SCSU as internal encoding (was: Re: Nicest UTF)

From: Doug Ewell (
Date: Sun Dec 05 2004 - 21:40:42 CST

  • Next message: Doug Ewell: "Re: Nicest UTF"

    Philippe Verdy <verdy underscore p at wanadoo dot fr> wrote:

    >> The point is that indexing should better be O(1).
    > SCSU is also O(1) in terms of indexing complexity... simply because it
    > keeps the exact equivalence with codepoints, and requires a *fixed*
    > (and small) number of steps to decode it to code points, but also
    > because the decoder states uses a *fixed* (and small) number of
    > variables for the internal context (unlike more powerful compression
    > algorithms like dictionnary-based, Lempel-Ziv-Welsh-like, algorithms
    > such as deflate).

    As Marcin said, SCSU is O(n) in terms of indexing complexity, because
    you have to decode the first (n - 1) characters before you can decode
    the n'th.
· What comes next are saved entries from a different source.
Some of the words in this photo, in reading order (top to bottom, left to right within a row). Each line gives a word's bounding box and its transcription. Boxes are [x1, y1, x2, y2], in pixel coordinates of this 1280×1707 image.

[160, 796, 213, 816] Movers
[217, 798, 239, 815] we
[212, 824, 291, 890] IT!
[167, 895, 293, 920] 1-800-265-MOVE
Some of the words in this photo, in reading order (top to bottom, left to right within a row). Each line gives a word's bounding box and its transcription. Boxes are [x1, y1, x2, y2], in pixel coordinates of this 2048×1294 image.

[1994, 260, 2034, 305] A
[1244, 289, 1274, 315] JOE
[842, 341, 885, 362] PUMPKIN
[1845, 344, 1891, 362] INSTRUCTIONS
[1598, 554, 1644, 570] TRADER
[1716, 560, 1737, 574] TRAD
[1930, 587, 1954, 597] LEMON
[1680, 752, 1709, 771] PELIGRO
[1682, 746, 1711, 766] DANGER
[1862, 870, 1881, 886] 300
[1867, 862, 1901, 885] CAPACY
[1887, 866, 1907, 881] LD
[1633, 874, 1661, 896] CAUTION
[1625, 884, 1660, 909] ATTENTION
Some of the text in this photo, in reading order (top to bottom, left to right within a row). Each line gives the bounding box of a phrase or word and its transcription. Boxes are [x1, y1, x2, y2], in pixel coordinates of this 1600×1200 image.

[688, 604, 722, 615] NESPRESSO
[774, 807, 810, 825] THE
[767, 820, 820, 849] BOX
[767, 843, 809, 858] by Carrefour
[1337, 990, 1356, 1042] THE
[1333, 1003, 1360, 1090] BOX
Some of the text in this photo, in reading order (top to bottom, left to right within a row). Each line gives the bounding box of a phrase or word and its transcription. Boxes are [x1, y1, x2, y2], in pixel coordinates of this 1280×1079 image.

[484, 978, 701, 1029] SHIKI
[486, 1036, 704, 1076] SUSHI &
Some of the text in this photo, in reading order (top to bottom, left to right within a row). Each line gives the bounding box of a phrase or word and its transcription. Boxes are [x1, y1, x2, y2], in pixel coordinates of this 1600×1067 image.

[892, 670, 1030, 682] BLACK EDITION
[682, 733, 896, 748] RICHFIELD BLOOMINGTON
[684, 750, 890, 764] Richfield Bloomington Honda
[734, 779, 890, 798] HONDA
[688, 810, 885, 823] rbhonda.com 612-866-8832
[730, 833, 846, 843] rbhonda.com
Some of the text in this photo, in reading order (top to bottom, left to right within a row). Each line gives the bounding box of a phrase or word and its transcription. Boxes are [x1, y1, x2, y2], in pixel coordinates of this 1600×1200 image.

Even when you have a run of "ASCII" bytes between 0x20 and
    0x7E, there is no guarantee that the characters are Basic Latin. There
    might have been a previous SCU tag that switched into Unicode mode.

    >> No, individual characters are immutable in almost every language.
    > But individual characters do not always have any semantic. For
    > languages, the relevant unit is almost always the grapheme cluster,
    > not the character (so not its code point...). As grapheme clusters
    > need to be represented on variable lengths, an algorithm that could
    > only work with fixed-width units would not work internationaly or
    > would cause serious problems for correct analysis or transformation of
    > true languages.

    This is beside the point, as I said at the outset. In programming, you
    have to deal with individual characters in a string on a regular basis,
    even if some characters depend on others from a linguistic standpoint.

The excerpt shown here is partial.